At one time in the 1960s every major dance company in the world, classical musician, orchestra and performer appeared there; many brought to the city by famed impresario Sol Hurok.
I heard Paul Paray many times conduct the DSO, thrilled to include soprano Maria Callas in red-carpet recital — her conductor arrested at the long-closed, seedy Stone Movie Theatre — I saw Russian defector Rudolph Nureyev and Dame Margot Fonteyn dance a memorable “Swan Lake” (curiously, too, a few years ago I attended a freak gathering in a small masonic auditorium, where leathermen and women, BDSM devotees, straight and gay kink comrades gathered for an evening of mutual exposure, mental angst and playpen seduction. A BTL former editor was a self-styled dom. I, her 95 percent vanilla guest.)
Across from the Masonic Temple is Cass Park, named for former Michigan governor Lewis Cass. As a kid I spent my summers playing there, wading its centrally-located
fountain, and, as a nascent gay, enjoying looking at my collection of Strength and Health magazines, admiring muscle idols Clarence Ross and Steve Reeves.
At the edge of the park is a statue of Scottish poet Robert Burns. When the statue was dedicated in 1923, thousands gathered for a mass picture taken that honored the unveiling (how many today know or care who Robert Burns was?).
I played tag around the statue. On three sides are poetry quotes I learned by heart: Nae man can tether time nor tide / From scenes like these old Scotia’s grandeur springs / Wee modest crimson flower, thou has met me in an evil hour.
For fun, my friend Joan McGonical and I would pretend we were European survivors of World War II. We’d fake German accents, and talk in earshot of park benchers about bombings, blackouts and the horrors we had endured. Occasionally, listeners who felt sorry for us – or liked our performances – gave us nickels and dimes.

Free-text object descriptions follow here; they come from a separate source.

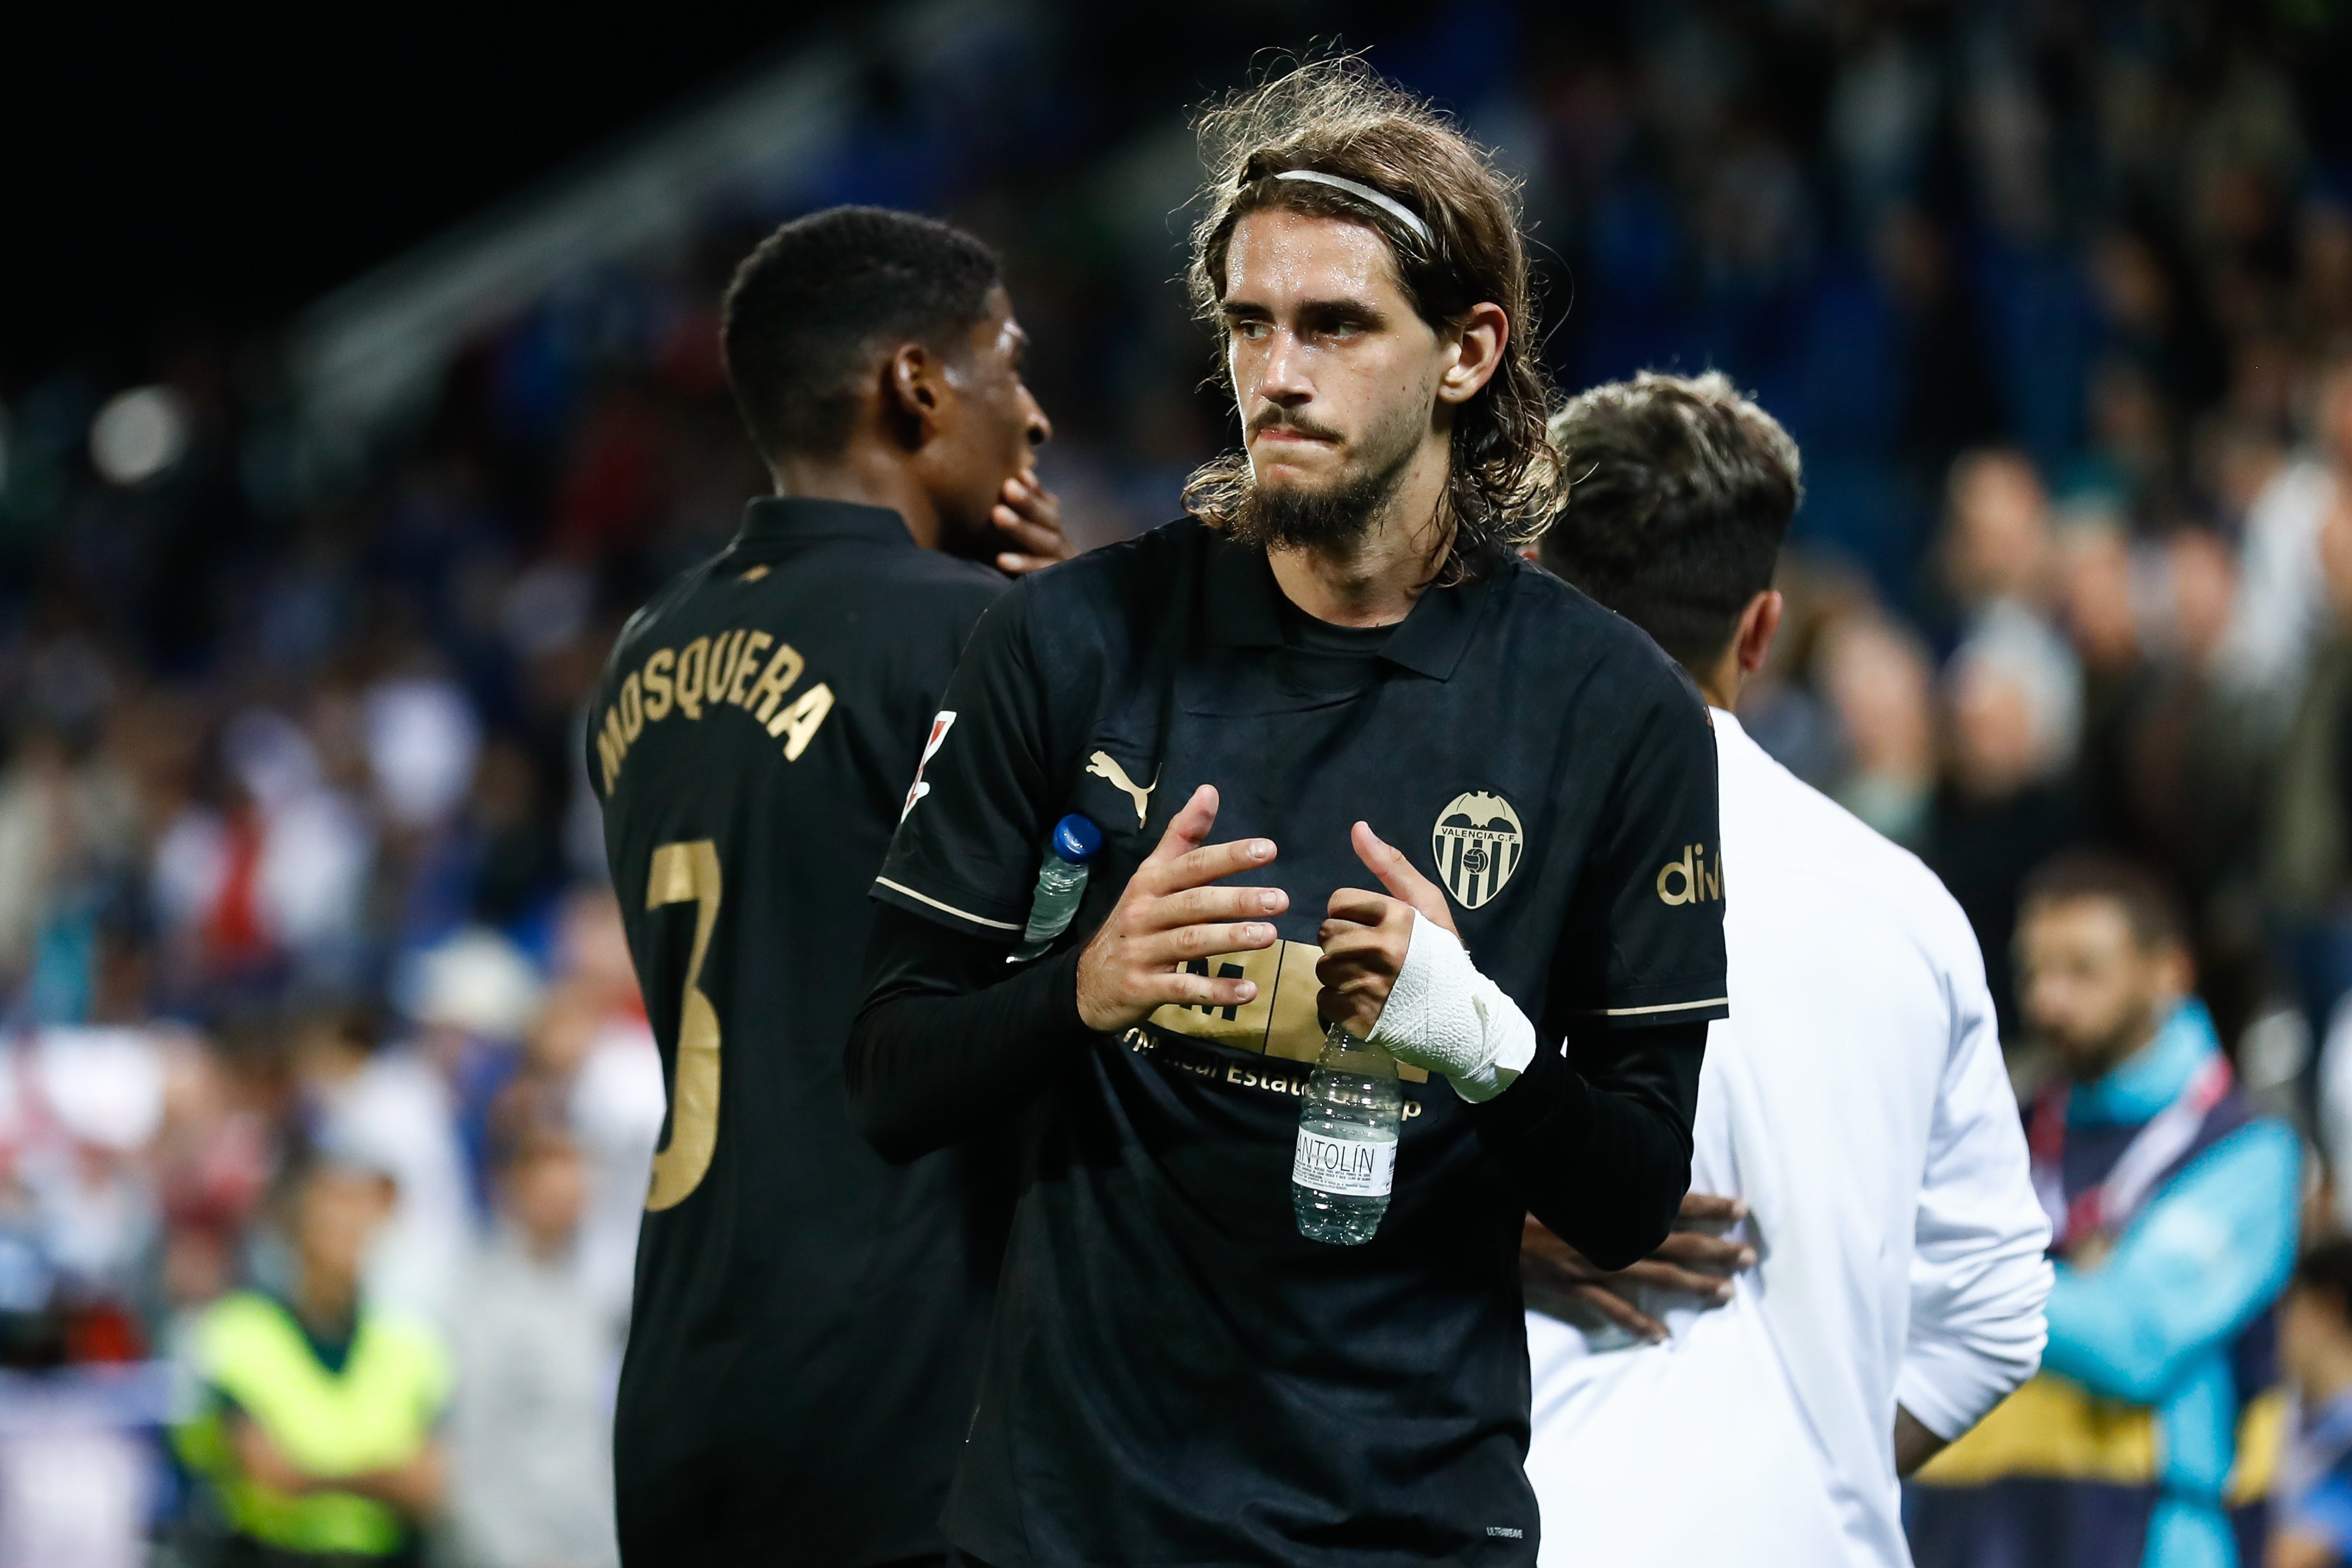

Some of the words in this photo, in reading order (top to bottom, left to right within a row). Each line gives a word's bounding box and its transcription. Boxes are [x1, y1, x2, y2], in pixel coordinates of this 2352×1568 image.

[596, 629, 836, 796] MOSQUERA
[1441, 827, 1494, 841] VALENCIA
[1497, 833, 1517, 843] C.F.
[1656, 842, 1725, 906] div
[645, 838, 723, 1213] 3
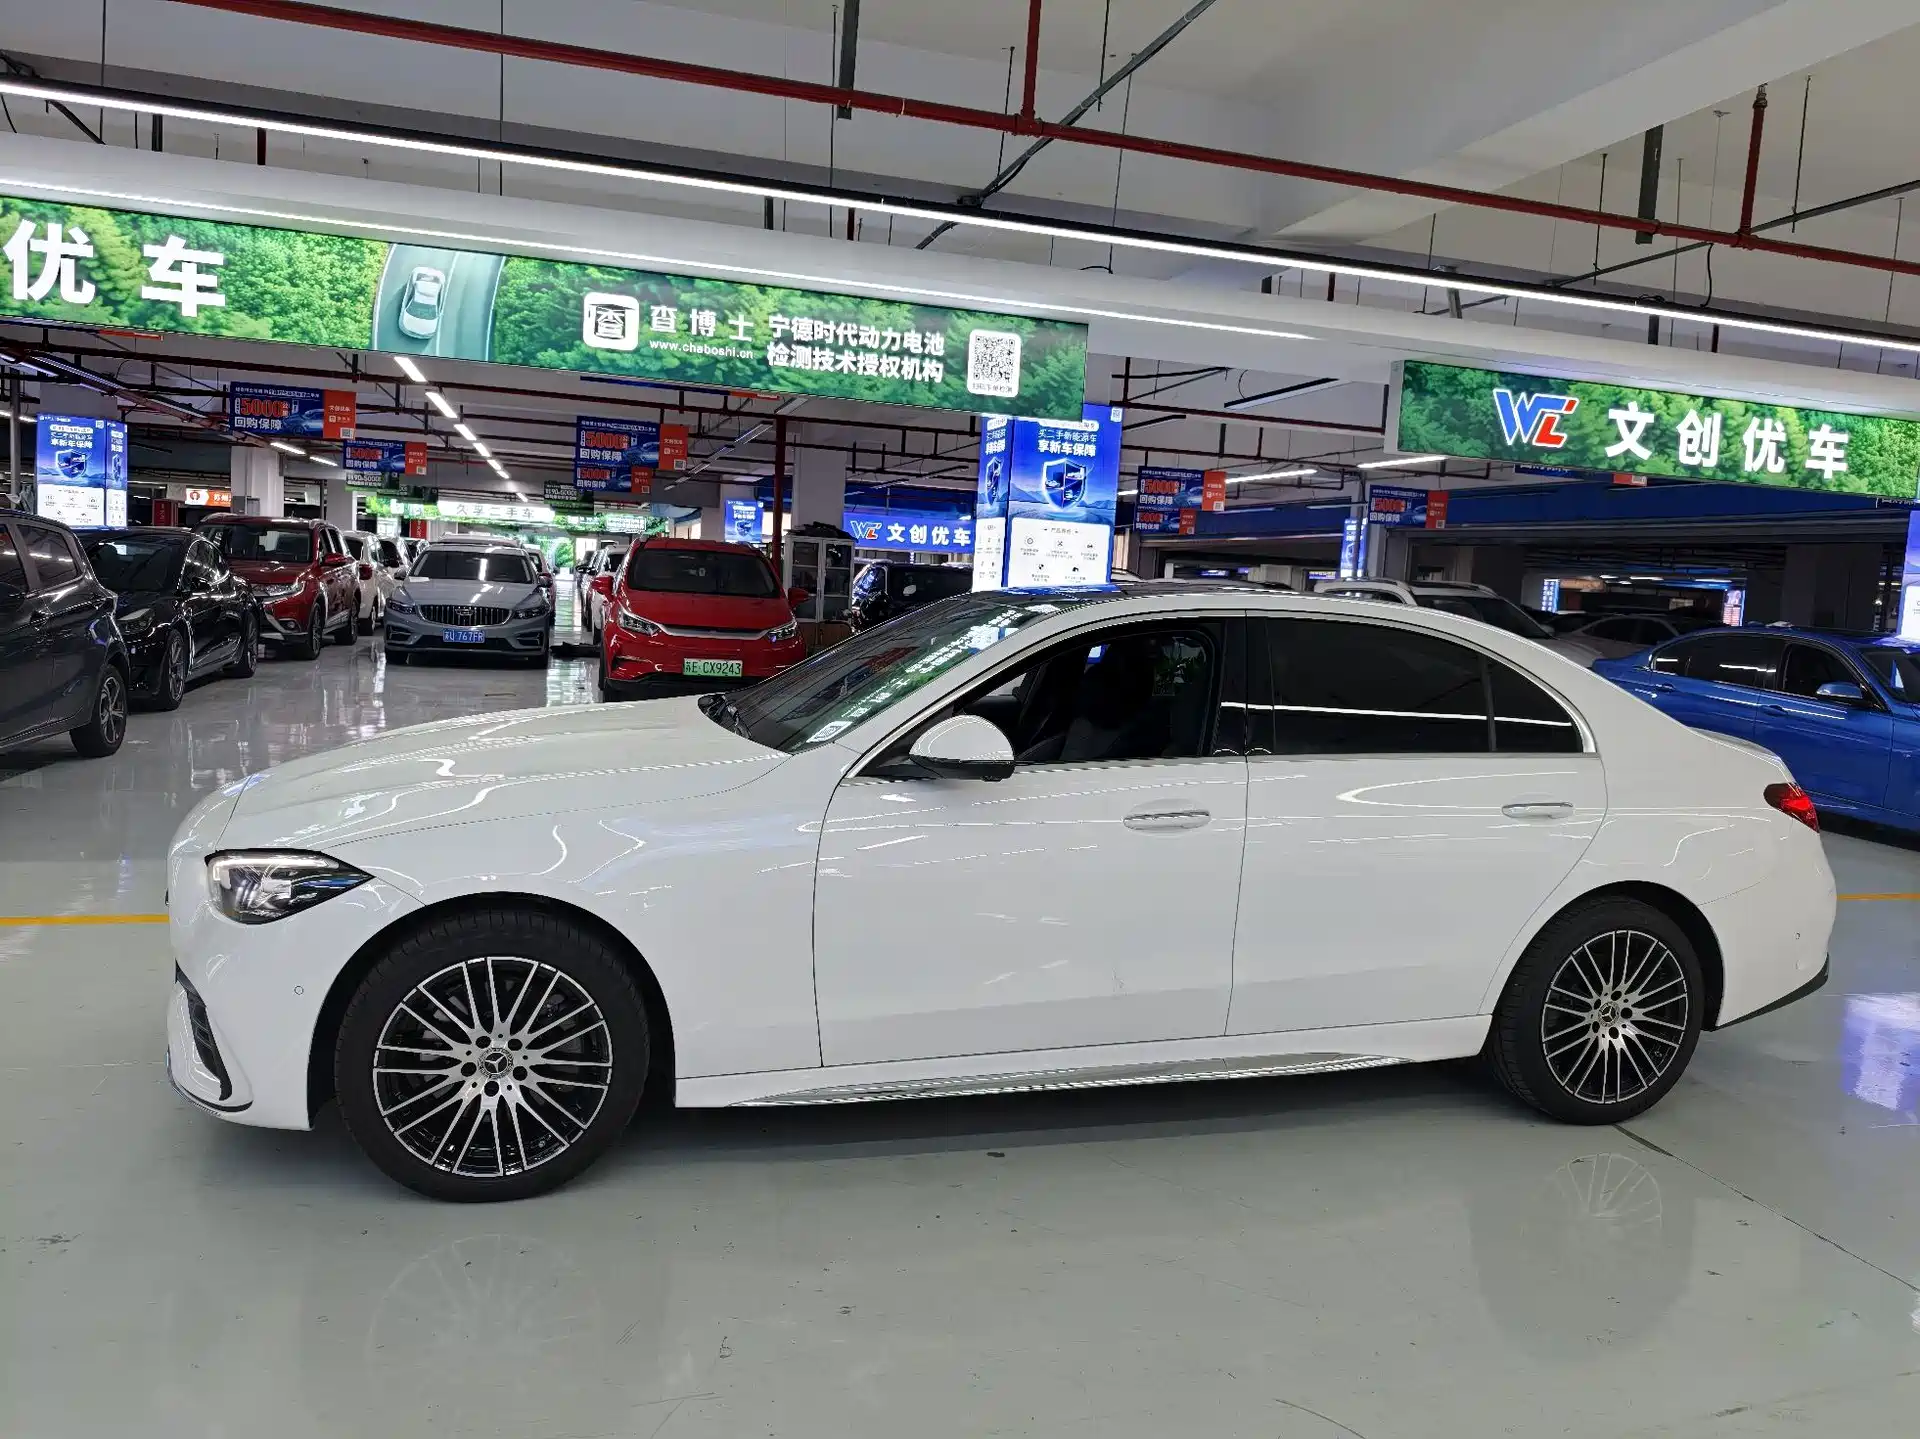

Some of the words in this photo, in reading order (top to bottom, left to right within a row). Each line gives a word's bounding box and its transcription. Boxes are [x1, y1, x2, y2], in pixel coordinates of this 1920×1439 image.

[3, 219, 226, 317] 优车
[650, 305, 754, 342] 查博士
[768, 313, 945, 357] 宁德时代动力电池
[649, 340, 754, 360] www.chaboshi.cn
[766, 342, 944, 383] 检测技术授权机构
[234, 416, 283, 431] 回购保障
[1037, 440, 1097, 457] 享新车保障
[1604, 400, 1849, 479] 文创优车
[579, 448, 622, 462] 回购保障
[1139, 495, 1174, 506] 回购保障
[886, 523, 973, 547] 文创优车
[703, 661, 742, 675] CX9243

I suppose I was about 16 one mid-June, no-school day as I sat alone relaxing, soon to be joined by an older, athletic-looking guy who was probably about 30. He asked if he might join me and I said, “Yes,” pleased for the company.
His name was Marcus and he said he was home on leave from the navy. He was visiting a friend who lived nearby.
“Would you like a Coke?” he offered, pointing to a nearby drug store.
“Sure, why not?” I agreed, somewhat eagerly.
After our coke and conversation, he asked if I’d like a ride to Palmer Park.
“I’d like to, but I have to be home for dinner soon,” I hesitated. “Can we meet tomorrow?” I offered, hopefully.
“Sure. Let’s meet at noon,” Marcus smiled, patting me on the shoulder. “Anchors away!”
The next day, I put on a clean shirt and Brylcreemed my hair – “A little dab’ll do ya,” ran the radio commercial – and arrived at 11:15. I sat there for an hour. Waiting, waiting. Marcus never showed. Soon, it began to rain. It was a disappointment. The first of many in my young, just-coming-out, gay life.”